GIVEN ENTRIES section start

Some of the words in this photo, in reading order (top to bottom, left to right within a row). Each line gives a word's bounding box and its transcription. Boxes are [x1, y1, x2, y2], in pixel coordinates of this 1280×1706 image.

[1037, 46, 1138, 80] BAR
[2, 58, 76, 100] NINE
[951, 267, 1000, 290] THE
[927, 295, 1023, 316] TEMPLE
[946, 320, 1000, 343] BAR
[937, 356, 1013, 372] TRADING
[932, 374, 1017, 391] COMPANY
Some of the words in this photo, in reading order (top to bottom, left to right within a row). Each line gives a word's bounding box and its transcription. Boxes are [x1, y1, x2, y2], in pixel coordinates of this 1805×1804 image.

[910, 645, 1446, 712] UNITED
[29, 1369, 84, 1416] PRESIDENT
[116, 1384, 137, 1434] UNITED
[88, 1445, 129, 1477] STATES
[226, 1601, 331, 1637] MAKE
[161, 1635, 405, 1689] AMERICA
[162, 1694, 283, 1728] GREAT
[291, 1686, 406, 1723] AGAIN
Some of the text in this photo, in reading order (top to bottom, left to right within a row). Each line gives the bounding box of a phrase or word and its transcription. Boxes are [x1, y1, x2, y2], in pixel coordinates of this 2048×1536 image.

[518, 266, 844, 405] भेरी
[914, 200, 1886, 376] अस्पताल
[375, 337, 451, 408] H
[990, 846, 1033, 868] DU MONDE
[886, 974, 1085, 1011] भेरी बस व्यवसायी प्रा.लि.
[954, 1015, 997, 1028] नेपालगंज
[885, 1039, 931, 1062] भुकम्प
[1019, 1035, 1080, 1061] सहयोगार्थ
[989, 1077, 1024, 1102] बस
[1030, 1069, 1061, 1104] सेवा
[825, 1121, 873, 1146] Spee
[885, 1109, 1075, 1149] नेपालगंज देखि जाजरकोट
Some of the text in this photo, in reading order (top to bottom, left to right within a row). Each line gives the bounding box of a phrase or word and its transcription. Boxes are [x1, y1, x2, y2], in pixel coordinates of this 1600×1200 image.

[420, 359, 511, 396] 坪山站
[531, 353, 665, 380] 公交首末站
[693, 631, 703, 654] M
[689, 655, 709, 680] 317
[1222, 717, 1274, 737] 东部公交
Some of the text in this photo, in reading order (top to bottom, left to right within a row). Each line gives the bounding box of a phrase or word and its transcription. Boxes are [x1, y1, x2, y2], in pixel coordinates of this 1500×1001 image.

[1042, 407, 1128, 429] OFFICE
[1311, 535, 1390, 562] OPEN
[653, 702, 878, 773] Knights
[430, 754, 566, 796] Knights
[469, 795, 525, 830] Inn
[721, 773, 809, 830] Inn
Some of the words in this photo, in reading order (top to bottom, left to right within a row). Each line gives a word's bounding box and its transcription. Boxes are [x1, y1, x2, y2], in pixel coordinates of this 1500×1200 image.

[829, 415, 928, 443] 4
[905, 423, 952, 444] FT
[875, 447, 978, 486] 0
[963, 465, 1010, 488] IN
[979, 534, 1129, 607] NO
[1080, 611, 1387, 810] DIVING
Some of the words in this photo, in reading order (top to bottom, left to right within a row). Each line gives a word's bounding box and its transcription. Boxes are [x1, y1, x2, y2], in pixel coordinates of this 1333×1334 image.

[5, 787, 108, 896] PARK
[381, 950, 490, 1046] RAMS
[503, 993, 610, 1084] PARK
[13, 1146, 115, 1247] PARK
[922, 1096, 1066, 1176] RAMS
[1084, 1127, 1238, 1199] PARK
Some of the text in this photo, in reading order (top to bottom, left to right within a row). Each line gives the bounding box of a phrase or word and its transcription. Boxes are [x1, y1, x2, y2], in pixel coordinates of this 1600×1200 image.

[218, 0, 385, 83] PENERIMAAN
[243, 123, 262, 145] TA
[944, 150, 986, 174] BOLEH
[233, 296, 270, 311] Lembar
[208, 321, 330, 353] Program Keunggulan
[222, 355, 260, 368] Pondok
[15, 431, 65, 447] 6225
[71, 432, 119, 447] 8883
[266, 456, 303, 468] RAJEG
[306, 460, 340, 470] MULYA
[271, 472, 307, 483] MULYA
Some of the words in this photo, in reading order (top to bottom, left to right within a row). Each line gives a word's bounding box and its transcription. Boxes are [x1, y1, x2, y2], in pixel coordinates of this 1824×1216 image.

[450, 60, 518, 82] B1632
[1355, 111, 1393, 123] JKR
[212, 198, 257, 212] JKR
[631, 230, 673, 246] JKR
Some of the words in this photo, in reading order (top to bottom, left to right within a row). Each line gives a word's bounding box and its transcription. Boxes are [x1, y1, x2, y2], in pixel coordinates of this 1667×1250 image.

GIVEN ENTRIES section end

_YOUR OBJECTIVE_
Return the records above verbatim, in their entirety.

_OUTPUT FOR THIS EXERCISE_
Some of the words in this photo, in reading order (top to bottom, left to right within a row). Each line gives a word's bounding box and its transcription. Boxes are [x1, y1, x2, y2], in pixel coordinates of this 1280×1706 image.

[1037, 46, 1138, 80] BAR
[2, 58, 76, 100] NINE
[951, 267, 1000, 290] THE
[927, 295, 1023, 316] TEMPLE
[946, 320, 1000, 343] BAR
[937, 356, 1013, 372] TRADING
[932, 374, 1017, 391] COMPANY
Some of the words in this photo, in reading order (top to bottom, left to right within a row). Each line gives a word's bounding box and its transcription. Boxes are [x1, y1, x2, y2], in pixel coordinates of this 1805×1804 image.

[910, 645, 1446, 712] UNITED
[29, 1369, 84, 1416] PRESIDENT
[116, 1384, 137, 1434] UNITED
[88, 1445, 129, 1477] STATES
[226, 1601, 331, 1637] MAKE
[161, 1635, 405, 1689] AMERICA
[162, 1694, 283, 1728] GREAT
[291, 1686, 406, 1723] AGAIN
Some of the text in this photo, in reading order (top to bottom, left to right within a row). Each line gives the bounding box of a phrase or word and its transcription. Boxes are [x1, y1, x2, y2], in pixel coordinates of this 2048×1536 image.

[518, 266, 844, 405] भेरी
[914, 200, 1886, 376] अस्पताल
[375, 337, 451, 408] H
[990, 846, 1033, 868] DU MONDE
[886, 974, 1085, 1011] भेरी बस व्यवसायी प्रा.लि.
[954, 1015, 997, 1028] नेपालगंज
[885, 1039, 931, 1062] भुकम्प
[1019, 1035, 1080, 1061] सहयोगार्थ
[989, 1077, 1024, 1102] बस
[1030, 1069, 1061, 1104] सेवा
[825, 1121, 873, 1146] Spee
[885, 1109, 1075, 1149] नेपालगंज देखि जाजरकोट
Some of the text in this photo, in reading order (top to bottom, left to right within a row). Each line gives the bounding box of a phrase or word and its transcription. Boxes are [x1, y1, x2, y2], in pixel coordinates of this 1600×1200 image.

[420, 359, 511, 396] 坪山站
[531, 353, 665, 380] 公交首末站
[693, 631, 703, 654] M
[689, 655, 709, 680] 317
[1222, 717, 1274, 737] 东部公交
Some of the text in this photo, in reading order (top to bottom, left to right within a row). Each line gives the bounding box of a phrase or word and its transcription. Boxes are [x1, y1, x2, y2], in pixel coordinates of this 1500×1001 image.

[1042, 407, 1128, 429] OFFICE
[1311, 535, 1390, 562] OPEN
[653, 702, 878, 773] Knights
[430, 754, 566, 796] Knights
[469, 795, 525, 830] Inn
[721, 773, 809, 830] Inn
Some of the words in this photo, in reading order (top to bottom, left to right within a row). Each line gives a word's bounding box and its transcription. Boxes are [x1, y1, x2, y2], in pixel coordinates of this 1500×1200 image.

[829, 415, 928, 443] 4
[905, 423, 952, 444] FT
[875, 447, 978, 486] 0
[963, 465, 1010, 488] IN
[979, 534, 1129, 607] NO
[1080, 611, 1387, 810] DIVING
Some of the words in this photo, in reading order (top to bottom, left to right within a row). Each line gives a word's bounding box and its transcription. Boxes are [x1, y1, x2, y2], in pixel coordinates of this 1333×1334 image.

[5, 787, 108, 896] PARK
[381, 950, 490, 1046] RAMS
[503, 993, 610, 1084] PARK
[13, 1146, 115, 1247] PARK
[922, 1096, 1066, 1176] RAMS
[1084, 1127, 1238, 1199] PARK
Some of the text in this photo, in reading order (top to bottom, left to right within a row). Each line gives the bounding box of a phrase or word and its transcription. Boxes are [x1, y1, x2, y2], in pixel coordinates of this 1600×1200 image.

[218, 0, 385, 83] PENERIMAAN
[243, 123, 262, 145] TA
[944, 150, 986, 174] BOLEH
[233, 296, 270, 311] Lembar
[208, 321, 330, 353] Program Keunggulan
[222, 355, 260, 368] Pondok
[15, 431, 65, 447] 6225
[71, 432, 119, 447] 8883
[266, 456, 303, 468] RAJEG
[306, 460, 340, 470] MULYA
[271, 472, 307, 483] MULYA
Some of the words in this photo, in reading order (top to bottom, left to right within a row). Each line gives a word's bounding box and its transcription. Boxes are [x1, y1, x2, y2], in pixel coordinates of this 1824×1216 image.

[450, 60, 518, 82] B1632
[1355, 111, 1393, 123] JKR
[212, 198, 257, 212] JKR
[631, 230, 673, 246] JKR
Some of the words in this photo, in reading order (top to bottom, left to right within a row). Each line gives a word's bounding box and its transcription. Boxes are [x1, y1, x2, y2], in pixel coordinates of this 1667×1250 image.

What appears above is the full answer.